2) Concentrazione: un altro
elemento che caratterizza la poetica del nostro autore è quello che riguarda il
tema della concentrazione. Le sue poesie diventano semplici e perfette
descrizioni per riflessioni che aderiscono perfettamente alle
immagini/sensazioni evocate per una massima concentrazione, intesa dal poeta come l’essenza stessa della poesia.
L’arte così intesa, ovvero come forza
espressiva e concisa non può non
ricordarci grandi modelli novecenteschi quali Pound e Elliot di cui abbiamo già
detto troviamo molti echi nei testi di Transtromer. Ma, al contempo, passando
per la prosa poetica di cui spesso fa uso e nella quale comunque egli mantiene
alto il livello che si è imposto relativo alla concentrazione, egli raggiunge
una tale dimensione in un modello che è di per se una forma poetica concentrata
al massimo, un modello che sembra essergli davvero congeniale e che è quello dei
componimenti haiku. Qui la poesia
esprime davvero ciò che nella filosofia giapponese viene indicato con un
termine che significa comprensione
intuiva, illuminazione: ovvero una conoscenza che oltrepassando i confini della
logica superi lo spazio e il tempo. Esperienza permessa grazie all’uso di
questa forma poetica che diventa un’arte dell’allusione, un’arte che permettere
di trasformare in conoscenza una situazione oggettiva grazie all’uso di una
lingua che traduce elementi concreti in esperienza immediata. E Trasnstromer ne
fa largo uso, ne leggeremo alcuni. Ma anche laddove la poesia assume una forma
più classica e comune nulla vi è di superfluo: i versi sono asciutti e scarni
con una tecnica che tende dunque a delineare, a tradurre in linee e traiettorie
quasi geometriche i pensieri e leggendo come abbiamo detto alcuni suoi testi lo
vedremo molto bene. Con questi mezzi il poeta compie delle vere e proprie
indagini metafisiche, sui misteri dell’esistenza e partendo da elementi della
quotidianità volge la sua costante attenzione verso una dimensione altra, attraverso l’assoluta
chiarezza di immagini unita al forte senso della transitorietà.
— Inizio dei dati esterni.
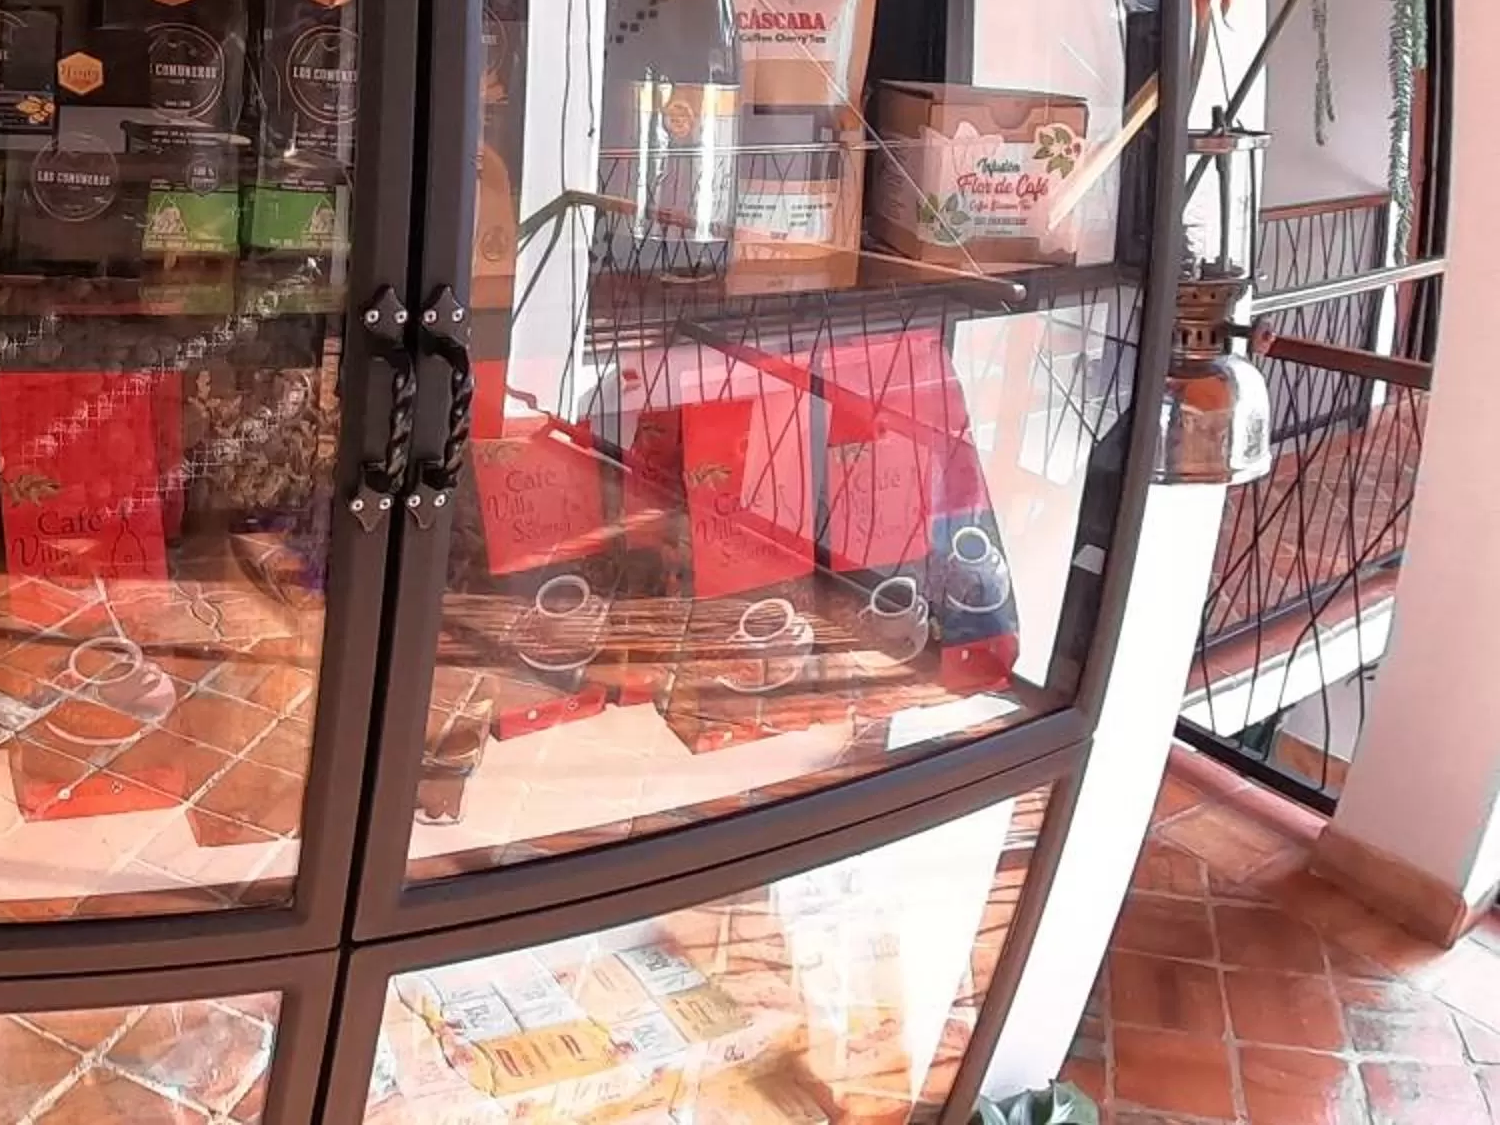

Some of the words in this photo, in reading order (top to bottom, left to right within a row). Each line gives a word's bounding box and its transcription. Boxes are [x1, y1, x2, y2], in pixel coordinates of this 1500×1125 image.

[736, 7, 826, 30] CÁSCARA
[740, 34, 772, 43] Coffee
[293, 67, 311, 79] LOS
[957, 173, 991, 196] Flor
[994, 179, 1012, 194] de
[1016, 173, 1048, 202] Café
[38, 508, 101, 534] Café
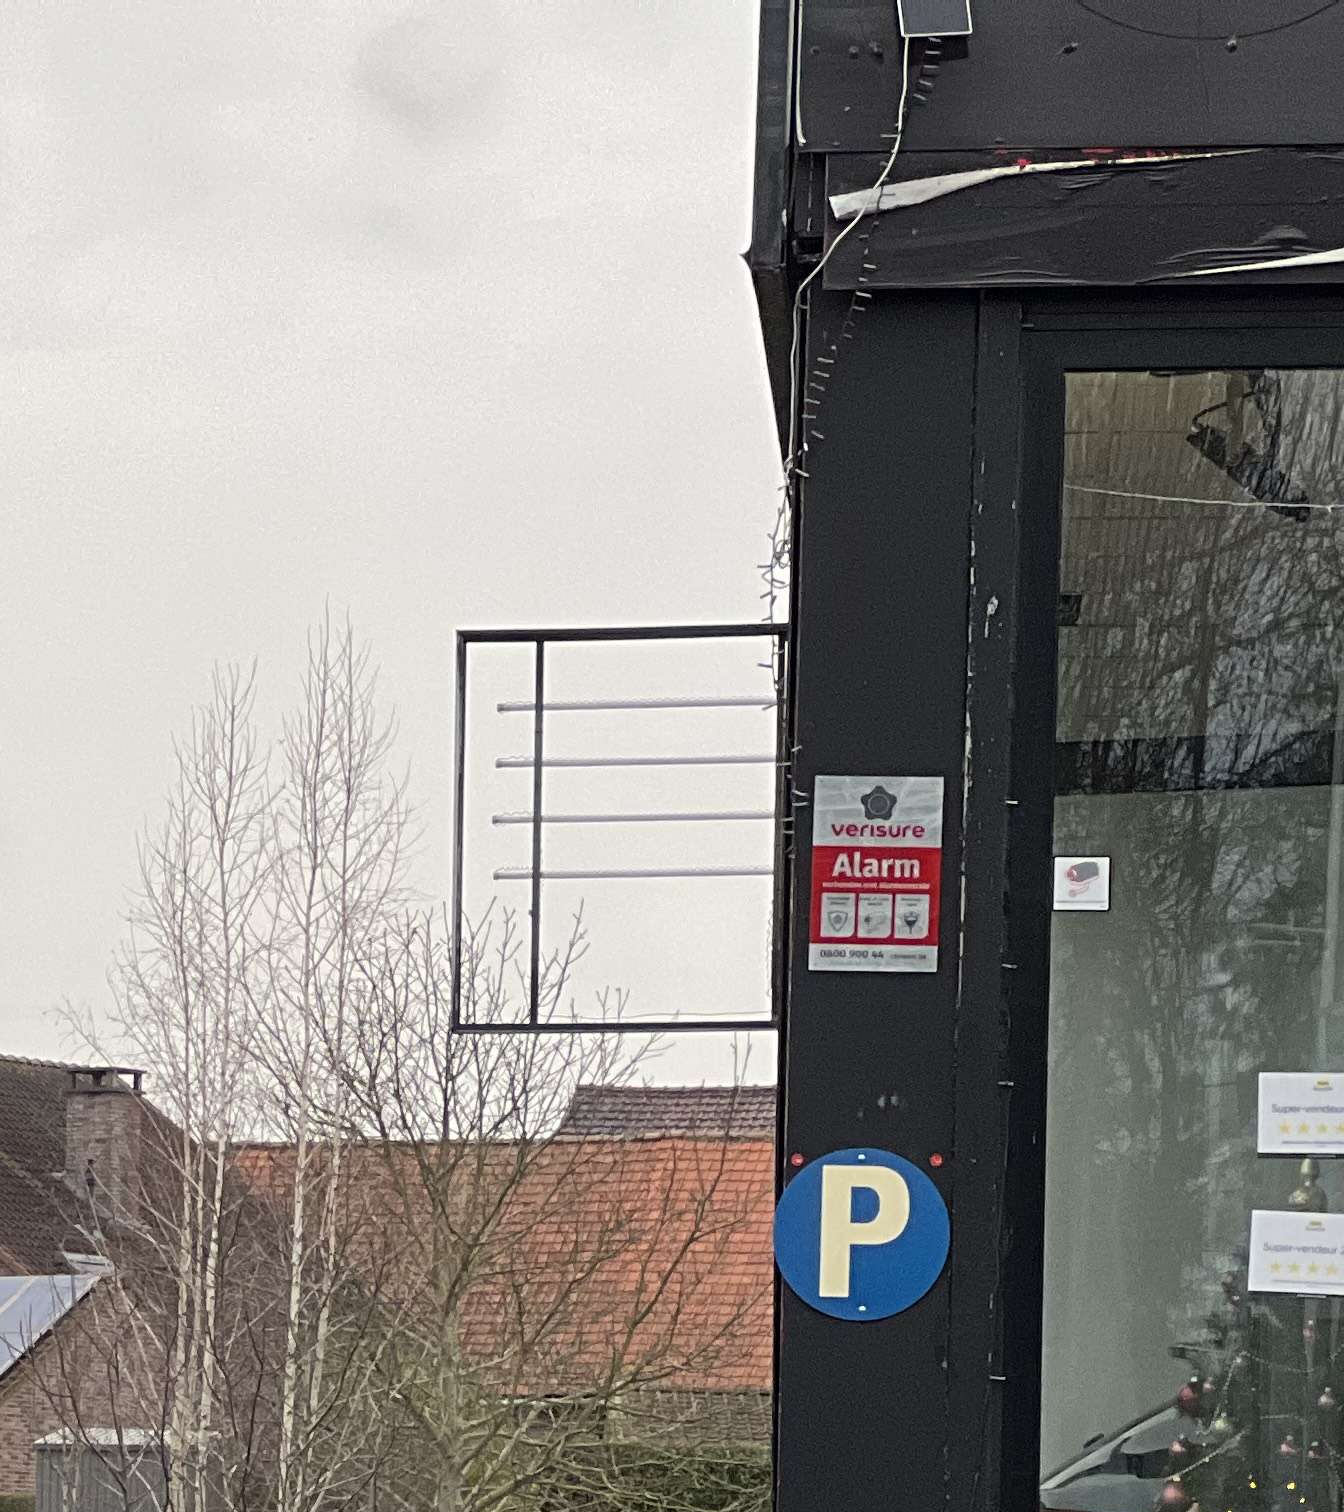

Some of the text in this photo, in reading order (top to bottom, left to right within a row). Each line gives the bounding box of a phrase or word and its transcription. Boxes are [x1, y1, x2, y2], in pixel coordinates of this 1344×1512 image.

[831, 823, 926, 838] verisure
[832, 851, 921, 879] Alarm
[819, 1164, 910, 1298] P
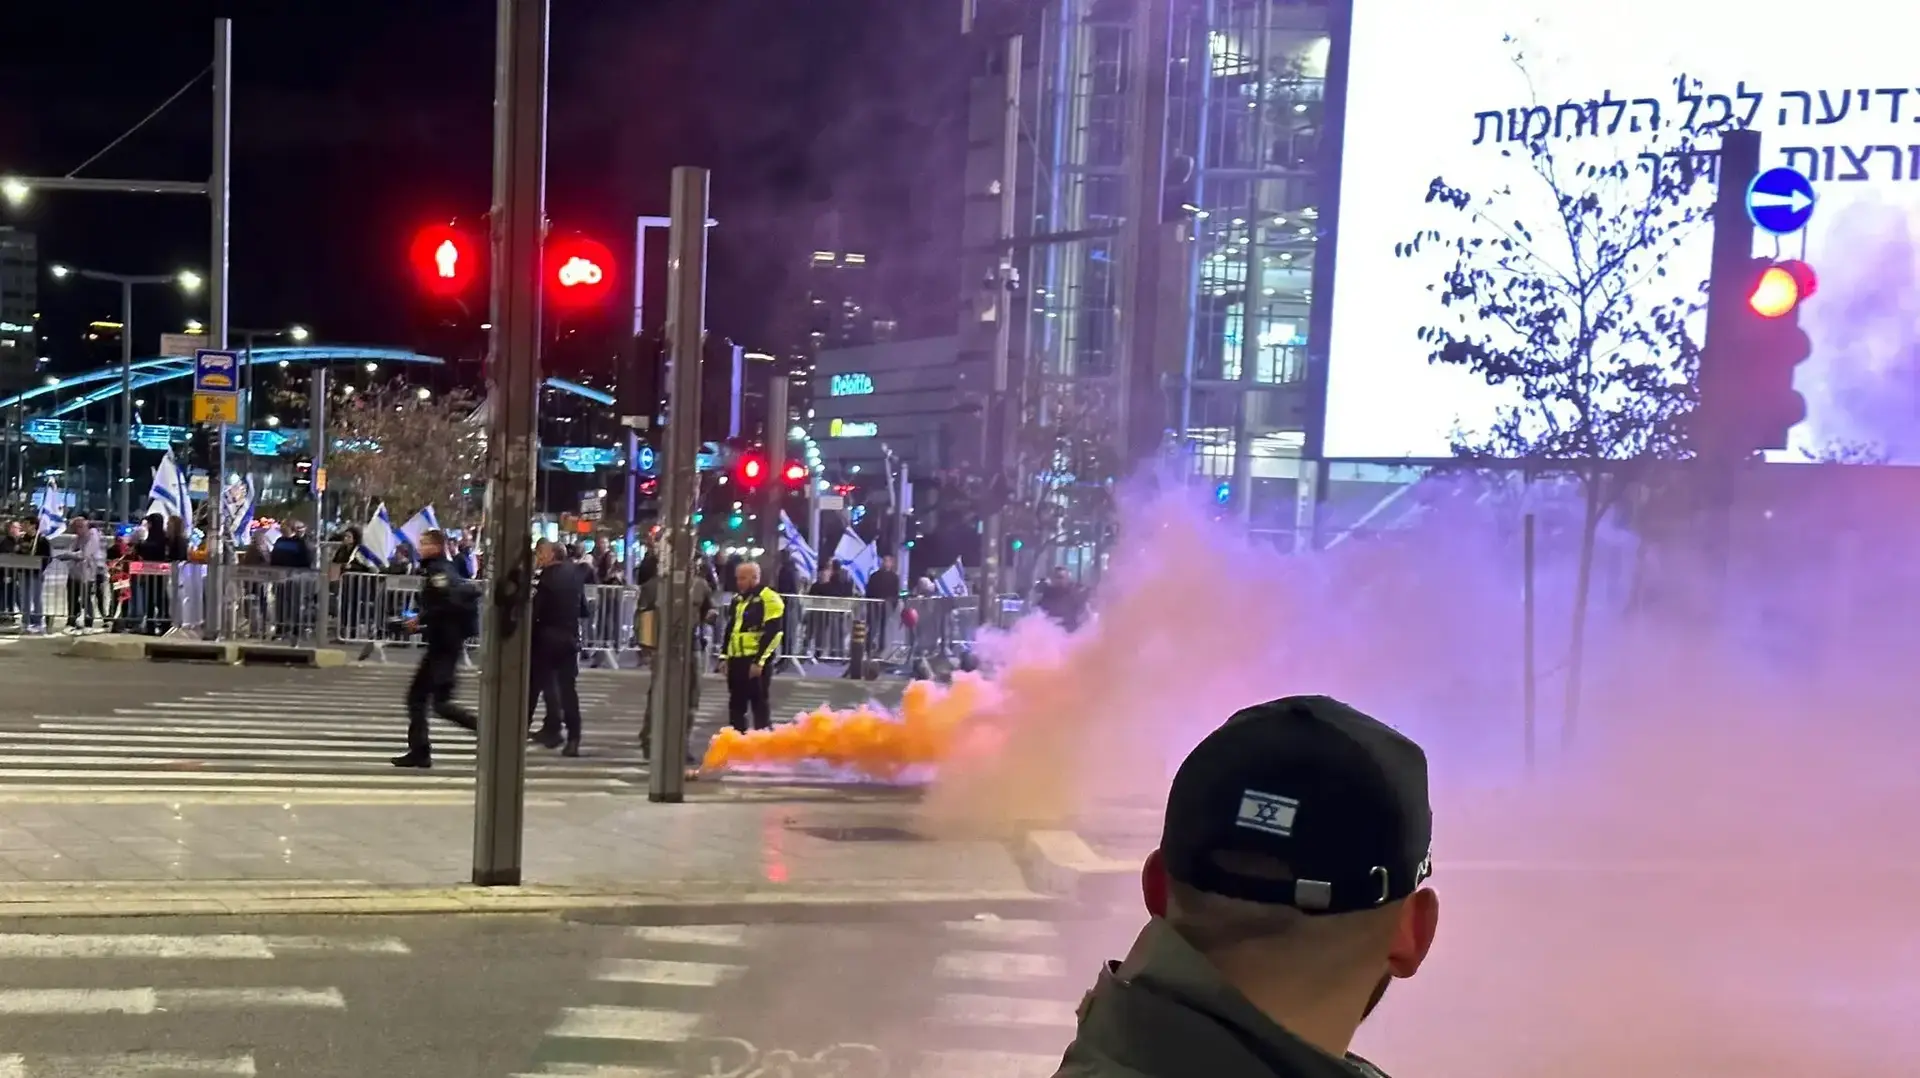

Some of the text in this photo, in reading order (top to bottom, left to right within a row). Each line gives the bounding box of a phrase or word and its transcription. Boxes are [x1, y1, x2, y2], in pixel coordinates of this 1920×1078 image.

[1472, 78, 1920, 145] דיעה לכל הלוחמות
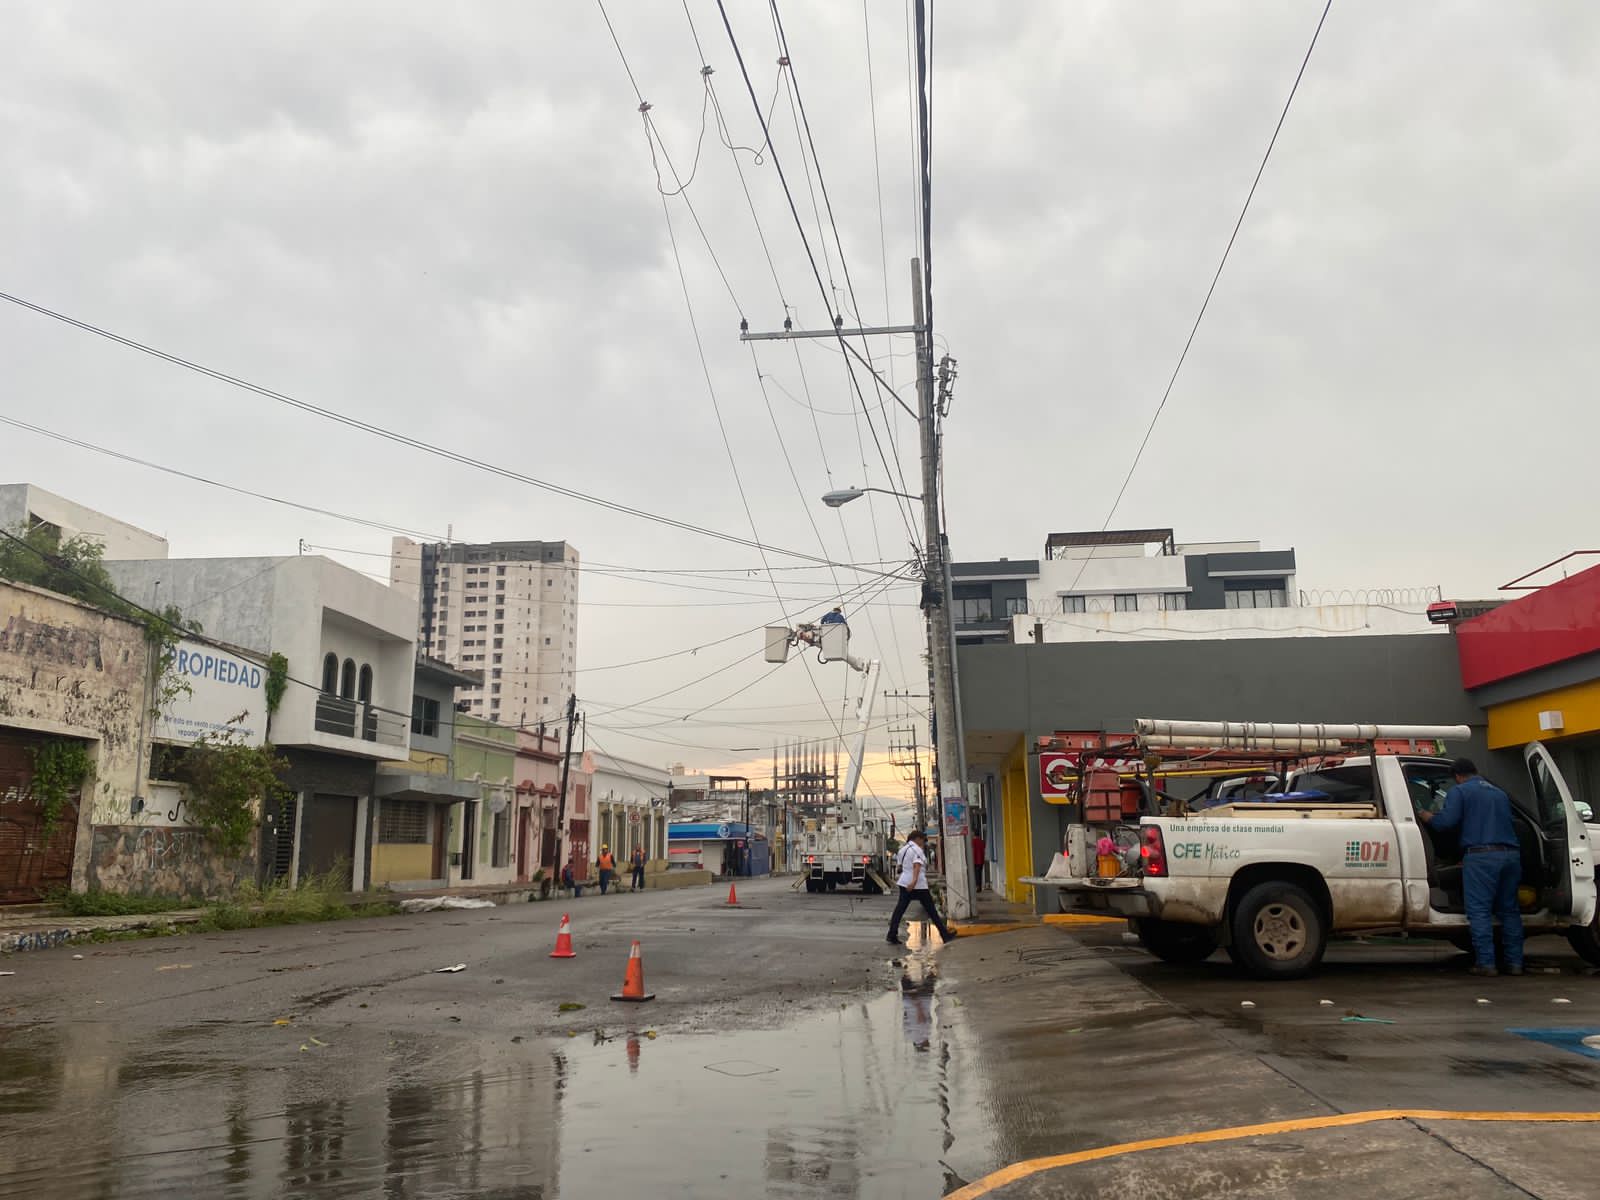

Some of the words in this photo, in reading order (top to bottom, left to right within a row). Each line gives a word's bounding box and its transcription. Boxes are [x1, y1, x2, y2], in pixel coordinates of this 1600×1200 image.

[168, 646, 261, 689] PROPIEDAD
[1169, 824, 1185, 833] Una
[1187, 824, 1219, 834] empresa
[1221, 824, 1231, 833] de
[1233, 824, 1252, 833] clase
[1254, 824, 1284, 833] mundial
[1173, 843, 1202, 859] CFE
[1361, 841, 1389, 861] 071
3) La chiarezza di immagini va
rapportata naturalmente agli strumenti retorici che utilizza, in specie alla
metafora e alla frequentazione del tema del sogno, mentre il senso di
transitorietà si sviluppa principalmente con la frequentazione del tema del
viaggio.
a) Metafora: relativamente all’uso
di questo strumento, universalmente, il poeta è riconosciuto un maestro e si
potrebbero fare tantissimi esempi. Vediamone alcuni:
1)
ONDE COME PALLIDE/LINCI, CHE INVANO CERCANO UN APPIGLIO SULLA RIVA GHIAIOSA
2)
QUANDO L’ANNO GETTA VIA GLI STIVALI CON UN CALCIO,/E IL SOLE SI ARRAMPICA Più
IN ALTO, GLI ALBERI SI COPRONO DI FOGLIE/E SI GONFIANO DI VENTO E VELEGGIANO
VIA LIBERI.
3)
L’ANIMA/ SFREGAVA CONTRO IL PAESAGGIO COME UNA BARCA/ SFREGA CONTRO IL PONTILE
A CUI E’ ORMEGGIATA.
Alcuni
critici affermano che quanto è più lontana la distanza tra i campi semantici
cui si attinge per formare una metafora, tanto più questa è efficace e
questa è davvero una capacità del nostro autore che attingendo dal Surrealismo
per l’audacia con cui usa la lingua promuove un assoluto e personale
modernismo. All’uso della metafora Transtromer aggiunge spessissimo l’uso di
uno strumento analogo, la similitudine, riconoscibile per la presenza del
marcatore som, in altre parole il come italiano. Così, se con la metafora
il legame che si crea tra la parola e l’immagine è visivo, questo trascende
verosimilmente nella similitudine e quindi nel sogno, così come nello specchio
non solo per riflettere le cose quanto per catturarne la natura più autentica.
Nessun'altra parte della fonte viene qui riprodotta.